What is needed »
Your task is to return all of the records exactly, minus any images.

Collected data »
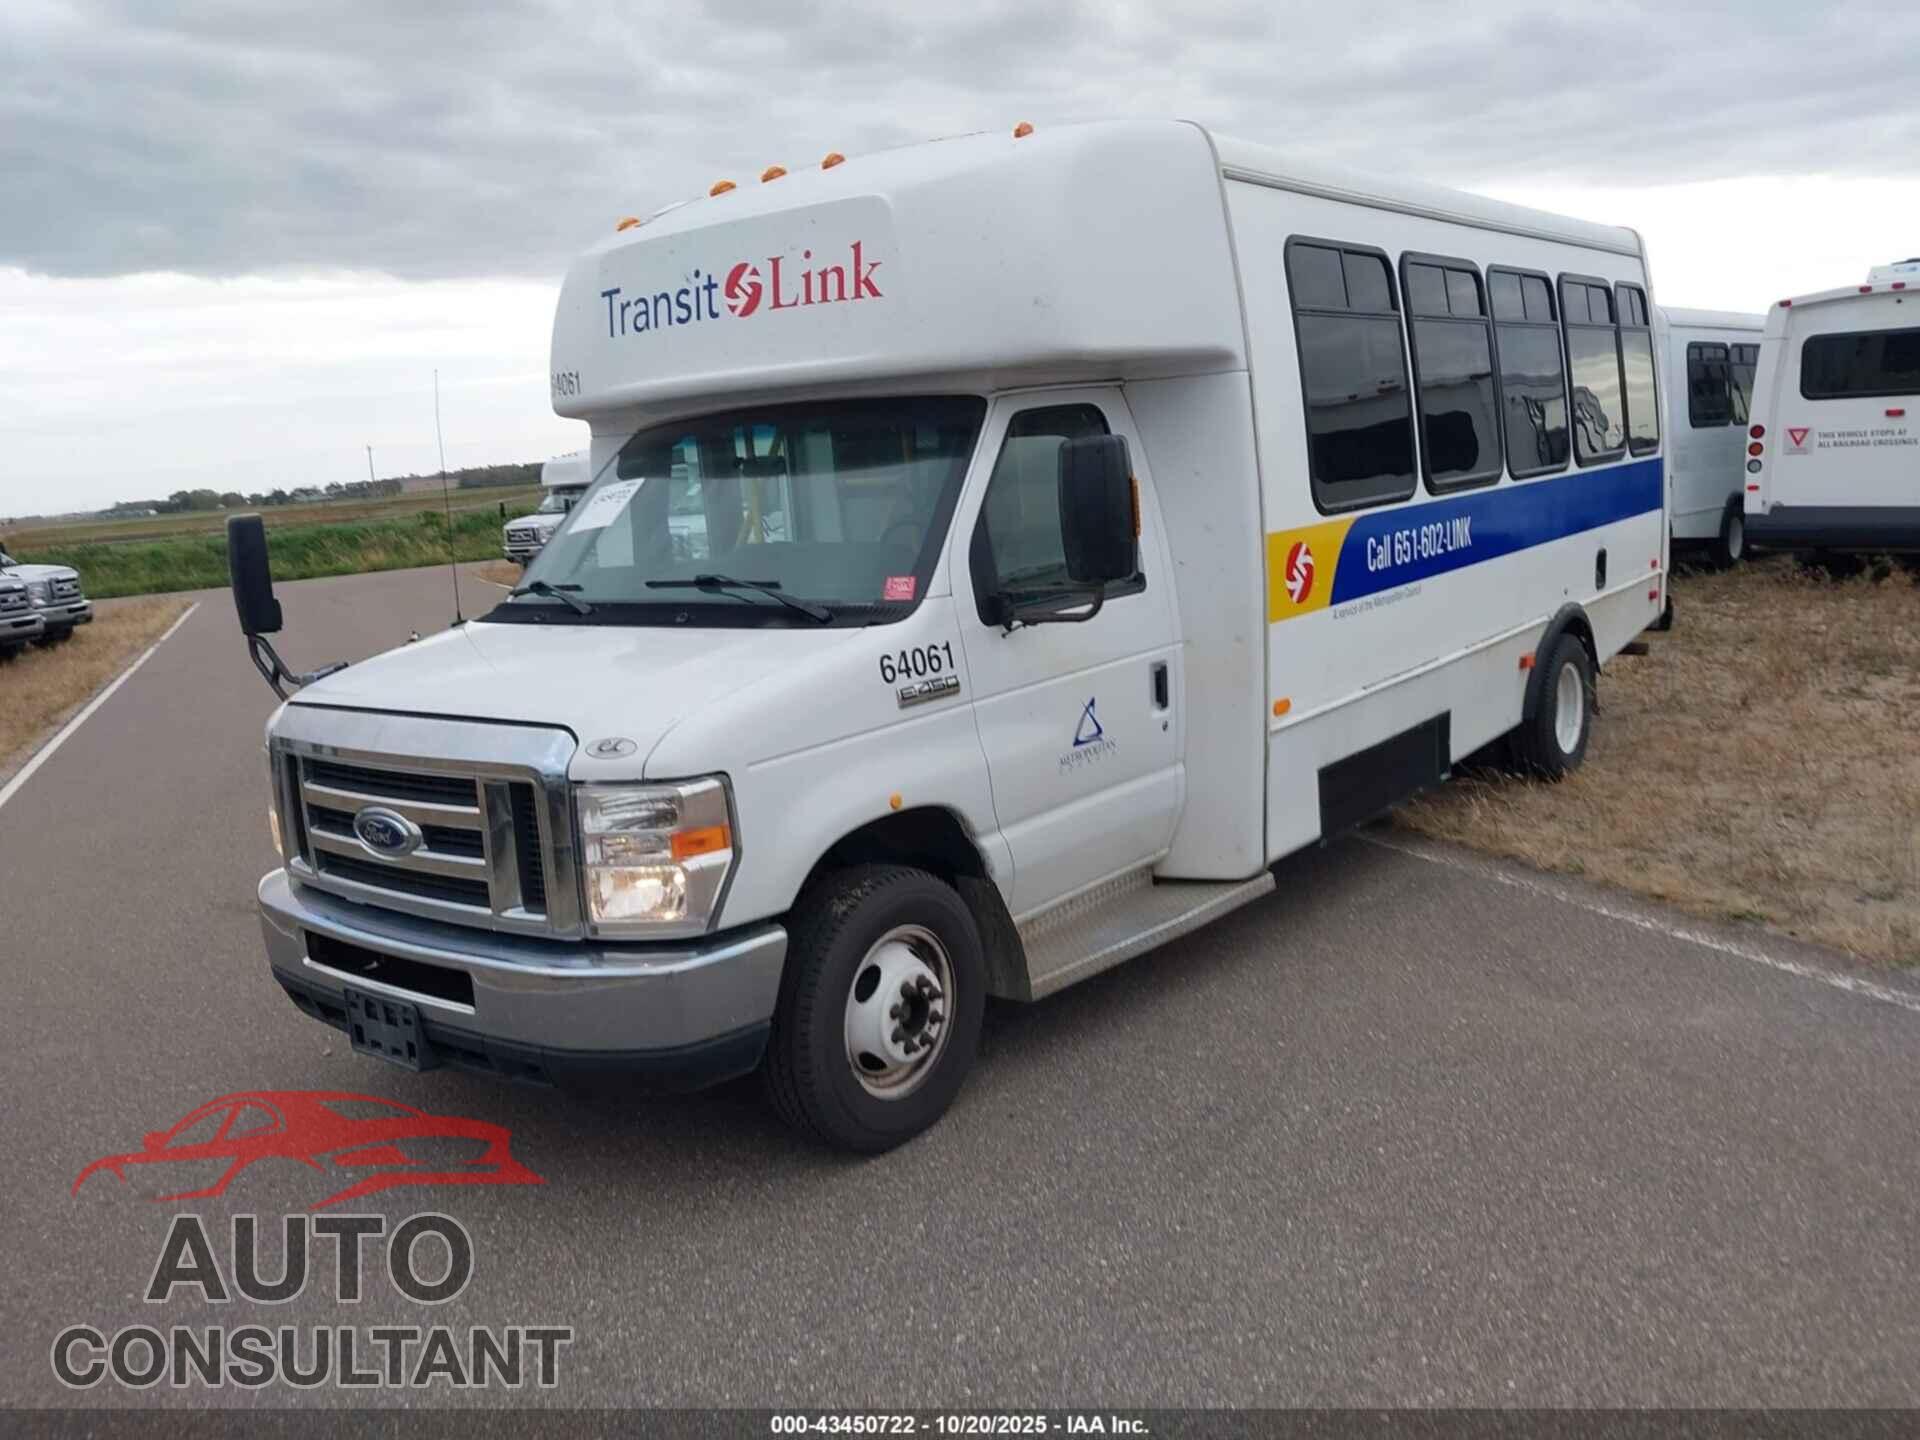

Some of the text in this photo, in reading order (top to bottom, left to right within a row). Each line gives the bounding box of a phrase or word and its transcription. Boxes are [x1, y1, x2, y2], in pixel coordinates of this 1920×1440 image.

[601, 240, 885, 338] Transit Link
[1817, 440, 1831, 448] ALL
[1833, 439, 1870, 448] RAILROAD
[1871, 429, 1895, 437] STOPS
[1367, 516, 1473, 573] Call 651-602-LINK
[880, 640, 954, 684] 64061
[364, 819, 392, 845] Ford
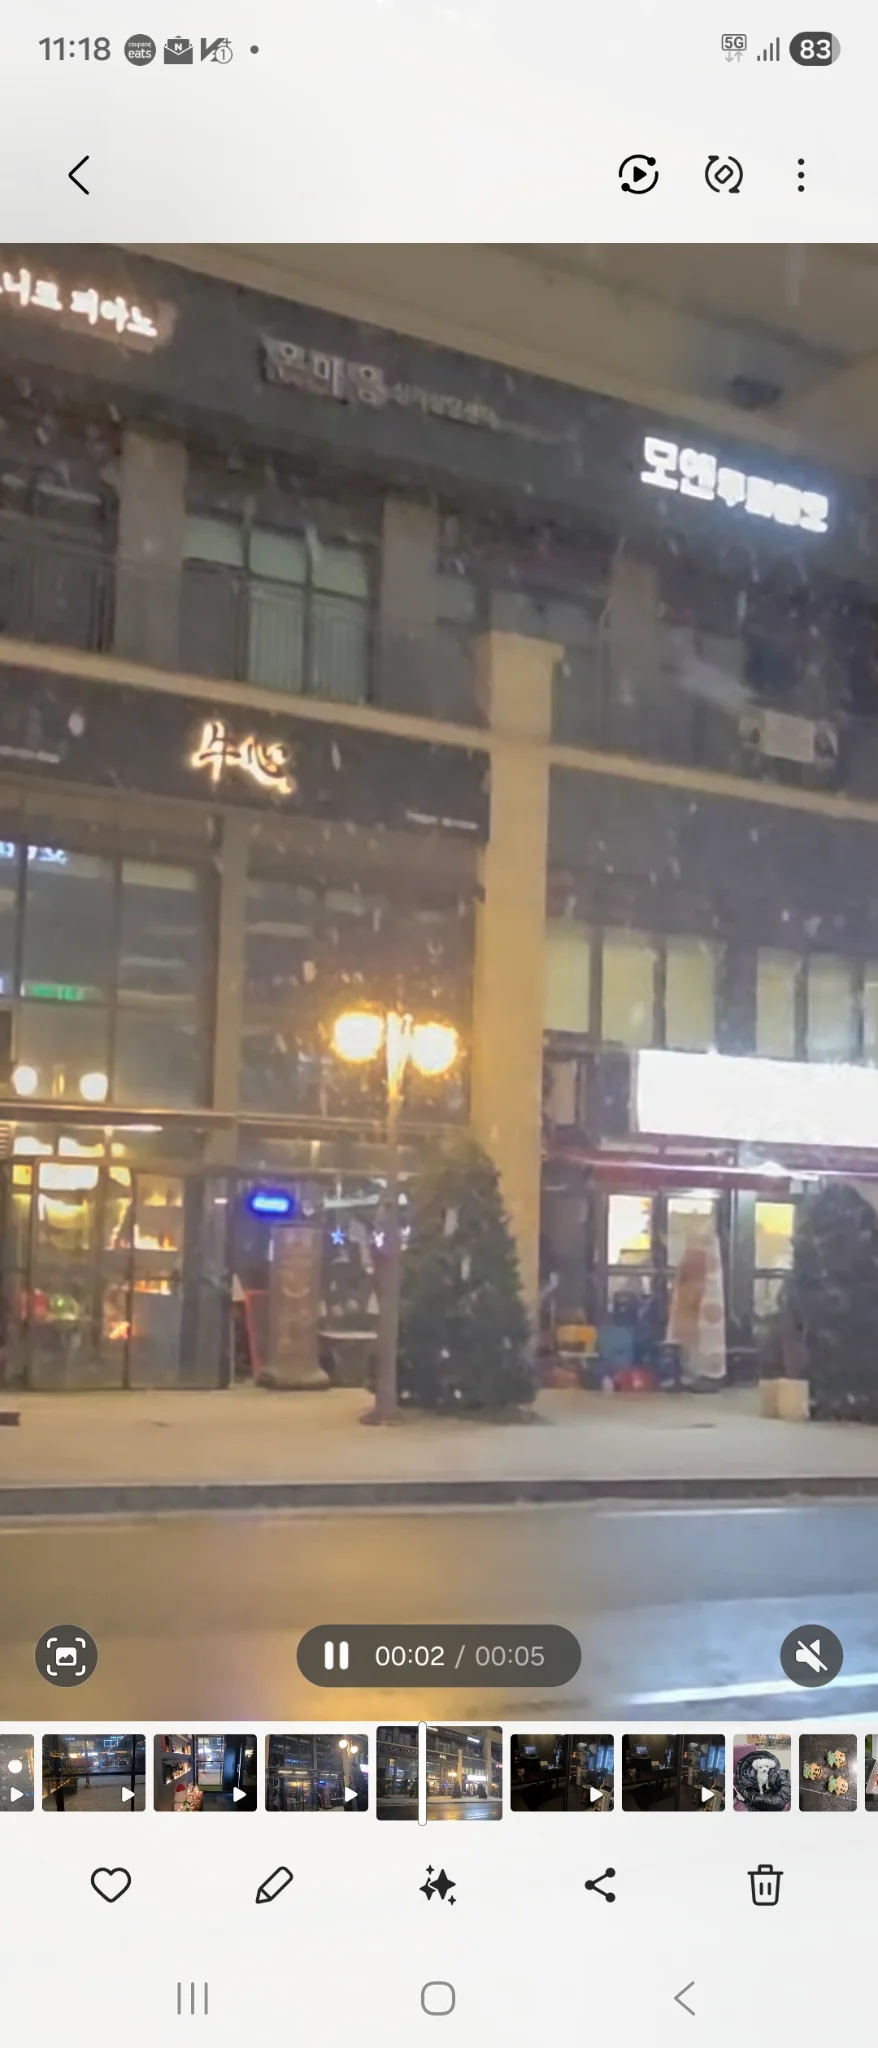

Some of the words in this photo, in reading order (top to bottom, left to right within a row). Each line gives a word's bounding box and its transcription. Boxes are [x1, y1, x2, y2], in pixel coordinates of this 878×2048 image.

Answer below »
Some of the text in this photo, in reading order (top to bottom, left to right within a row). Each line gives the bounding box of a phrase or word and its transcription. Boxes are [x1, y1, x2, y2], in pixel coordinates of this 1920×1440 image.

[601, 240, 885, 338] Transit Link
[1817, 440, 1831, 448] ALL
[1833, 439, 1870, 448] RAILROAD
[1871, 429, 1895, 437] STOPS
[1367, 516, 1473, 573] Call 651-602-LINK
[880, 640, 954, 684] 64061
[364, 819, 392, 845] Ford

Some of the words in this photo, in reading order (top to bottom, left to right within a row). Each line gives a word's bounding box and its transcription. Boxes are [x1, y1, x2, y2], in pixel coordinates of this 878×2048 image.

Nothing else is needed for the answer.